**Work instructions:**
Make a verbatim copy of the records; pictures stay out.

(Entries provided begins)

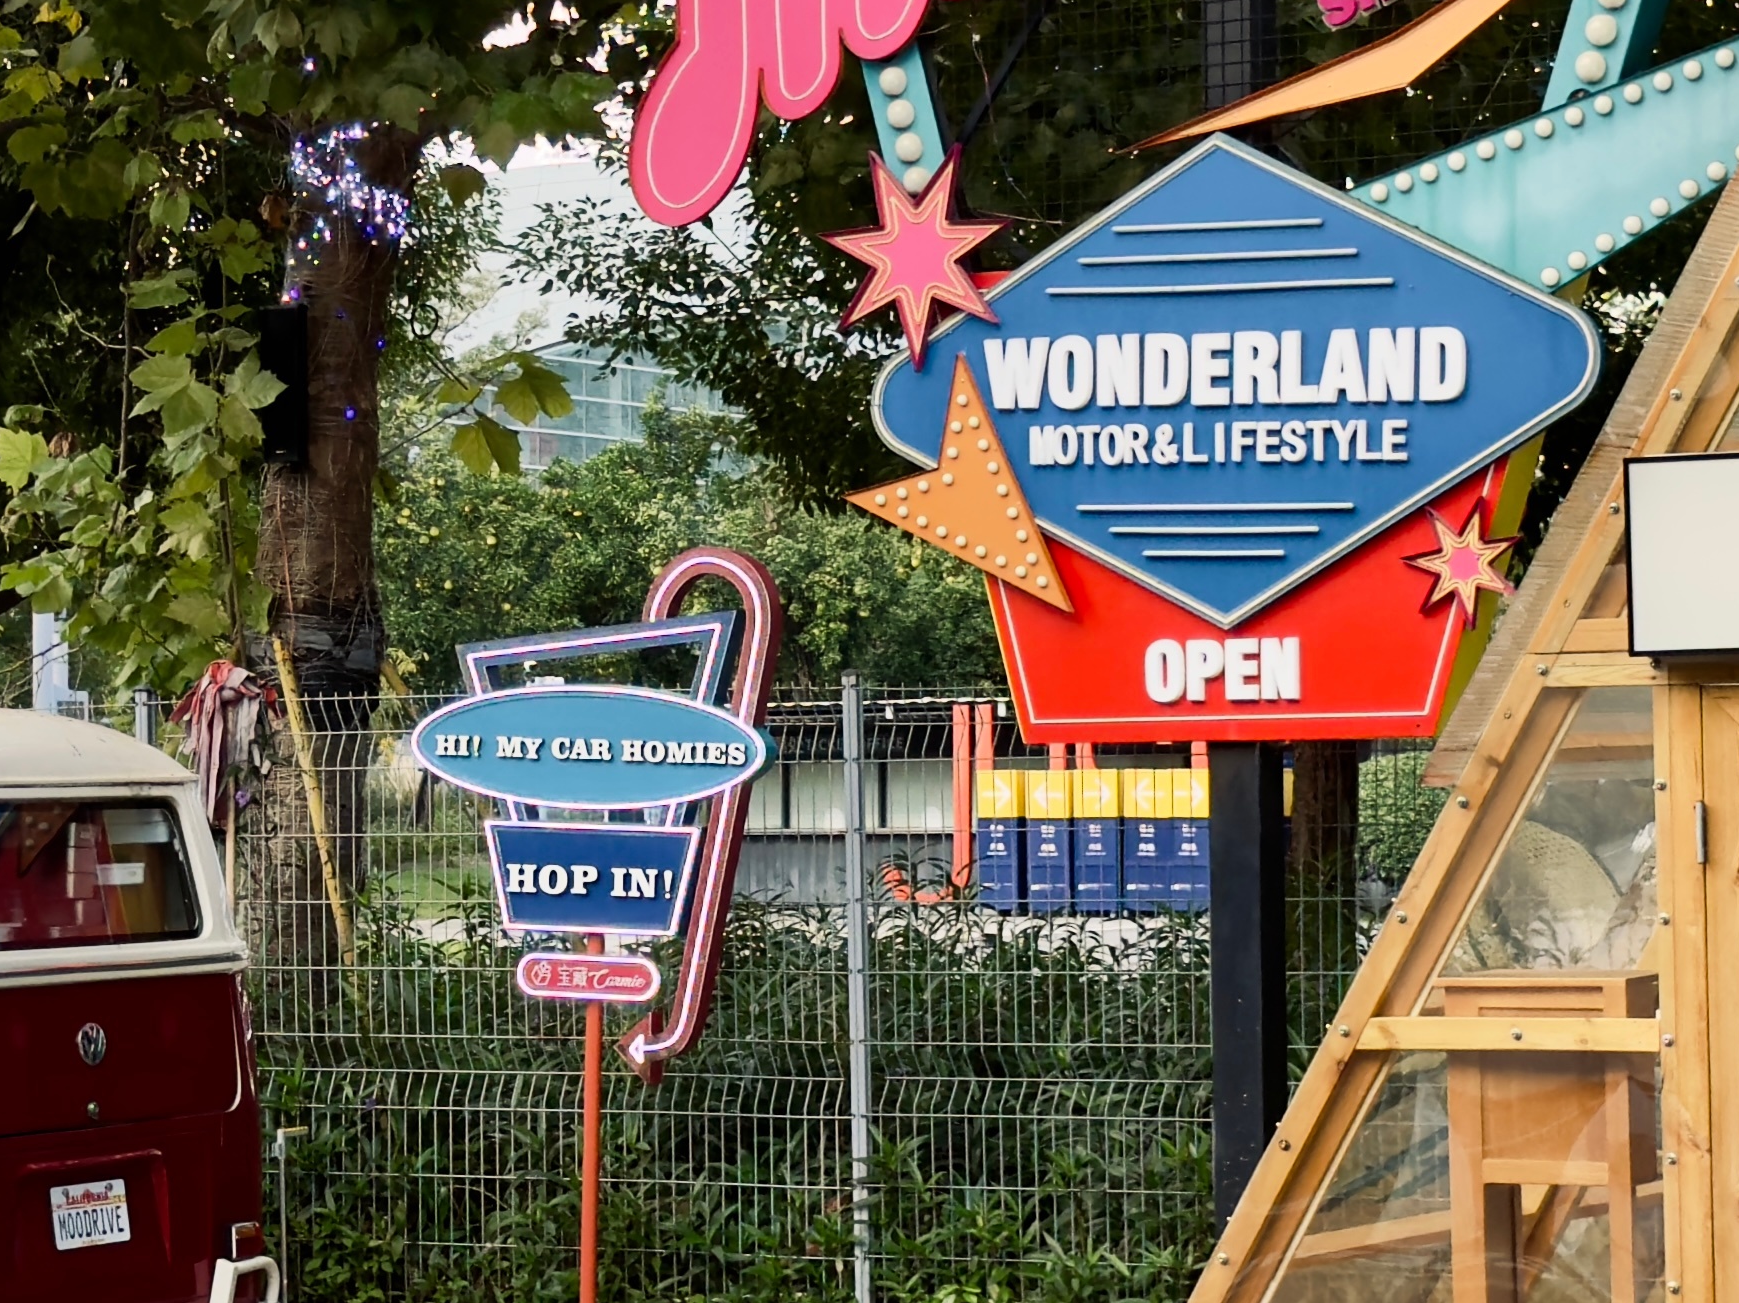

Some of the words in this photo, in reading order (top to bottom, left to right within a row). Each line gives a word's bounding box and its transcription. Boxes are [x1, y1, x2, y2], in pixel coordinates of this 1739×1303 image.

[982, 326, 1467, 411] WONDERLAND
[1029, 418, 1408, 465] MOTOR&LIFESTYLE
[1144, 636, 1301, 704] OPEN
[435, 734, 481, 757] HI!
[496, 736, 543, 759] MY
[551, 737, 612, 761] CAR
[621, 740, 747, 766] HOMIES
[506, 863, 598, 895] HOP
[610, 867, 673, 899] IN!
[58, 1205, 125, 1241] MOODRIVE
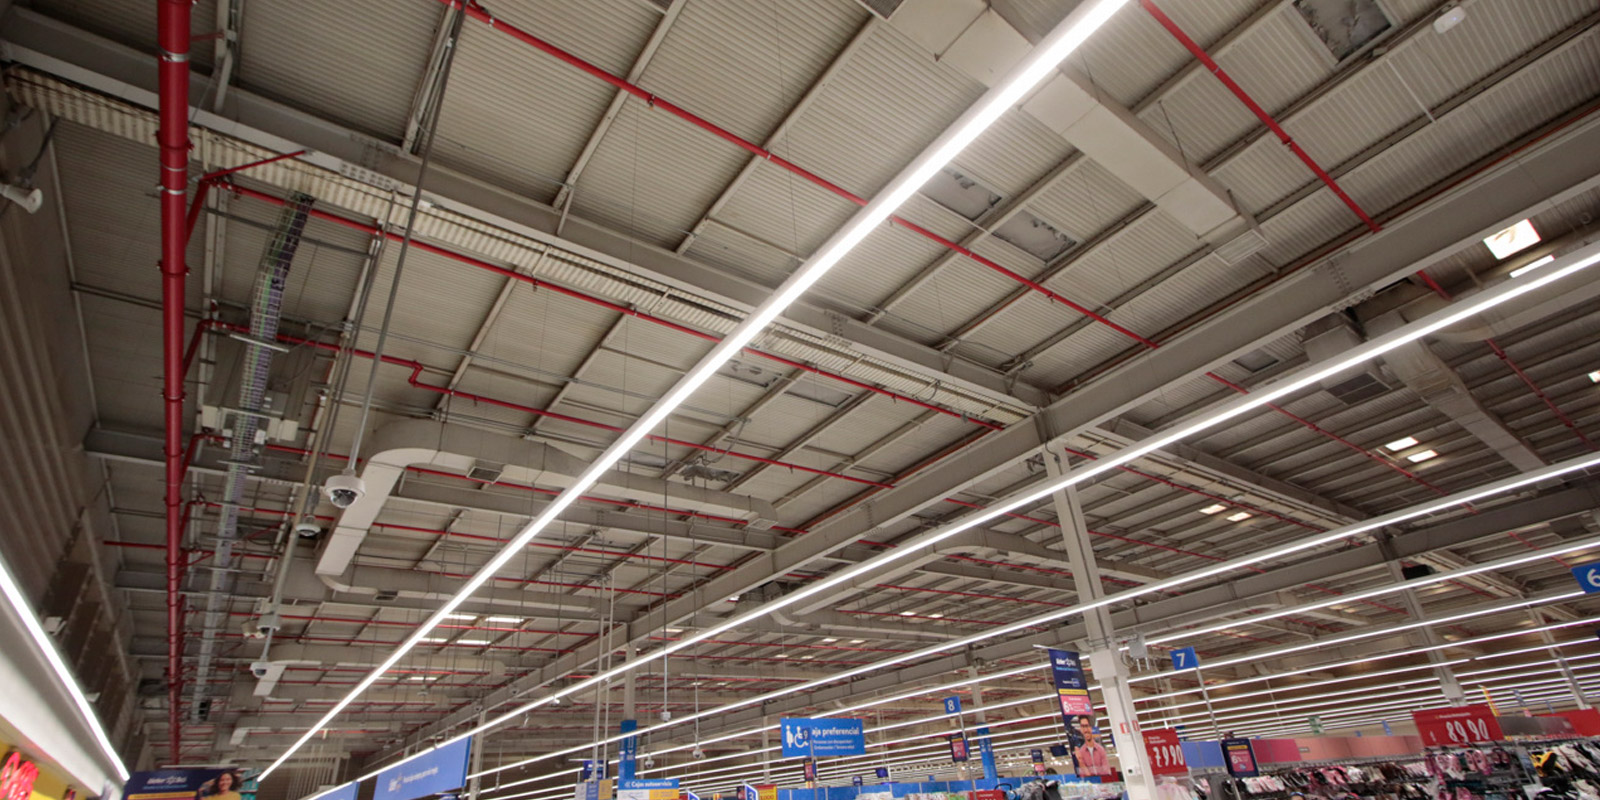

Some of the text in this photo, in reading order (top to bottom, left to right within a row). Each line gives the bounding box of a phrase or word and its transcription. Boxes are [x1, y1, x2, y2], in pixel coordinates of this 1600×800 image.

[1587, 568, 1600, 587] 6
[1176, 652, 1185, 667] 7
[947, 699, 955, 711] 8
[812, 727, 860, 738] aja preferencial
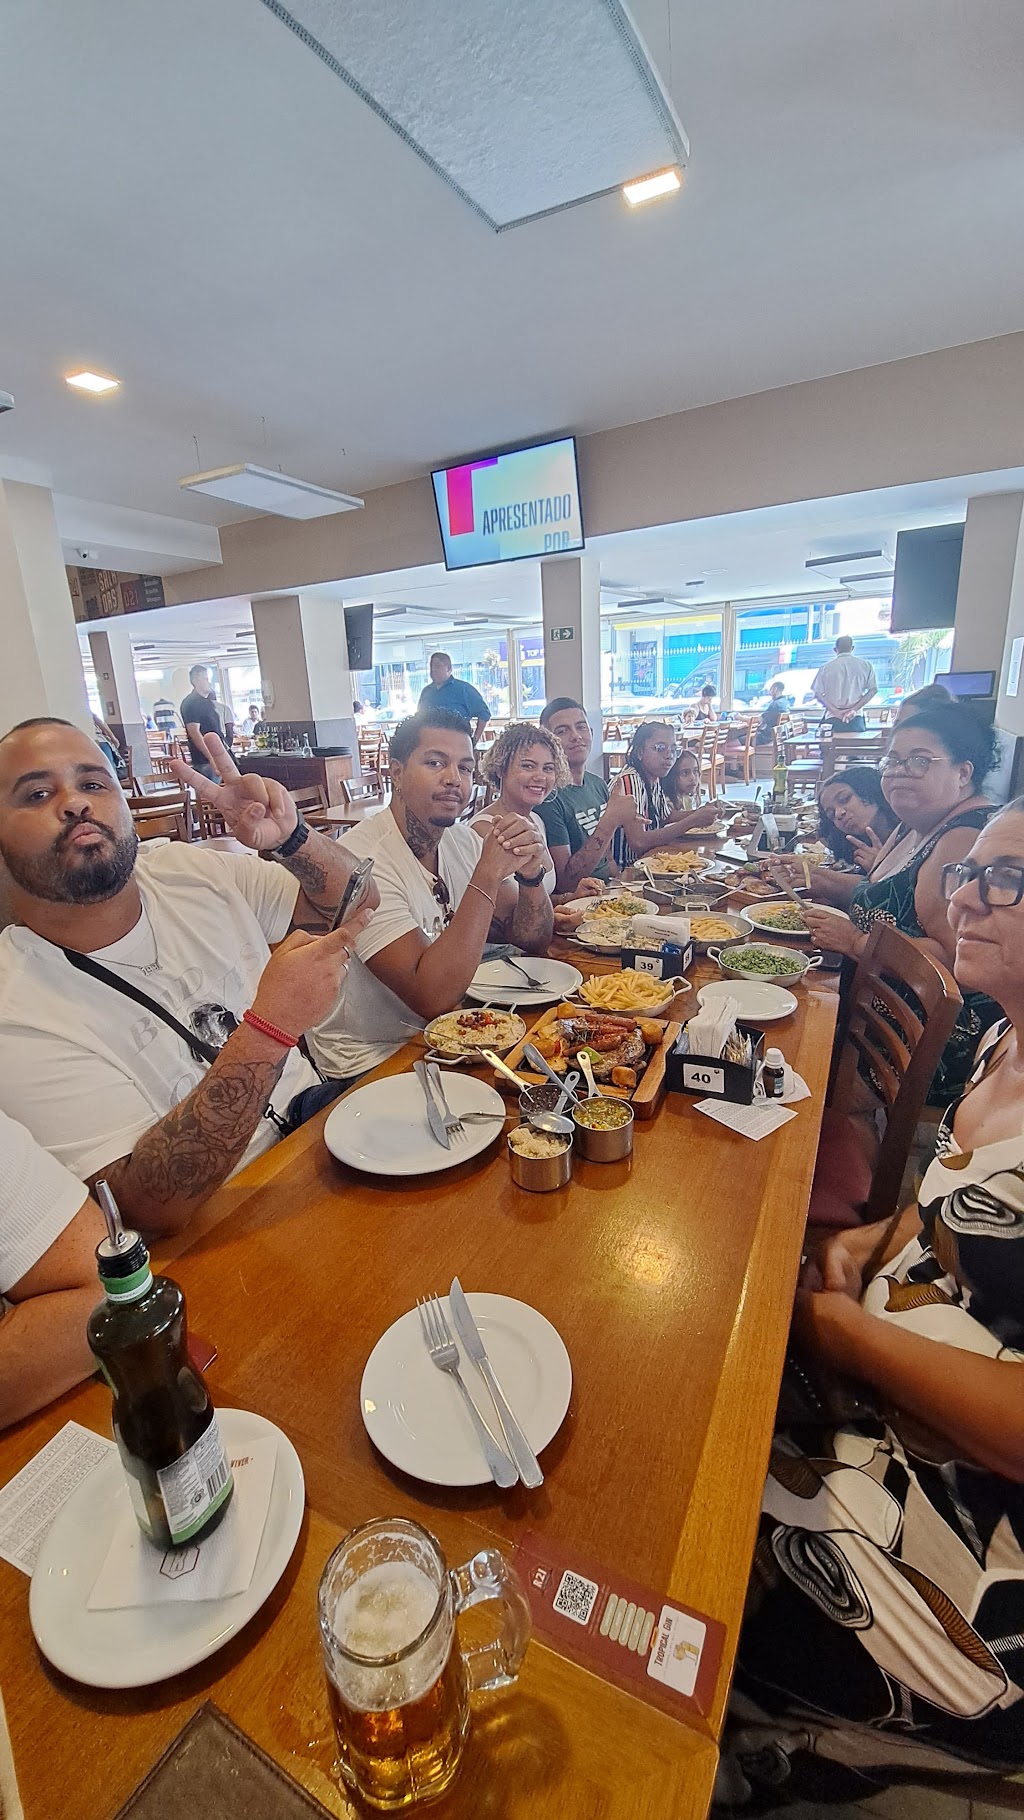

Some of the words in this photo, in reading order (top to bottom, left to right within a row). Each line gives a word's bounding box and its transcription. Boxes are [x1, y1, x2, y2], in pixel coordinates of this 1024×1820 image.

(Entries provided ends)

**Answer for the task:**
Some of the words in this photo, in reading order (top to bottom, left to right within a row). Each line gives a word's bounding box and its transcription. Boxes are [x1, y1, x2, y2], in pixel coordinates of this 1739×1303 image.

[982, 326, 1467, 411] WONDERLAND
[1029, 418, 1408, 465] MOTOR&LIFESTYLE
[1144, 636, 1301, 704] OPEN
[435, 734, 481, 757] HI!
[496, 736, 543, 759] MY
[551, 737, 612, 761] CAR
[621, 740, 747, 766] HOMIES
[506, 863, 598, 895] HOP
[610, 867, 673, 899] IN!
[58, 1205, 125, 1241] MOODRIVE

Some of the text in this photo, in reading order (top to bottom, left to right within a row). Each line gives the bounding box of a phrase or word and its transcription. Boxes are [x1, y1, x2, y2], in pixel coordinates of this 1600×800 image.

[1587, 568, 1600, 587] 6
[1176, 652, 1185, 667] 7
[947, 699, 955, 711] 8
[812, 727, 860, 738] aja preferencial

Some of the words in this photo, in reading order (top to bottom, left to right within a row). Each line gives a word's bounding box and its transcription. Boxes are [x1, y1, x2, y2], in pixel coordinates of this 1024×1820 image.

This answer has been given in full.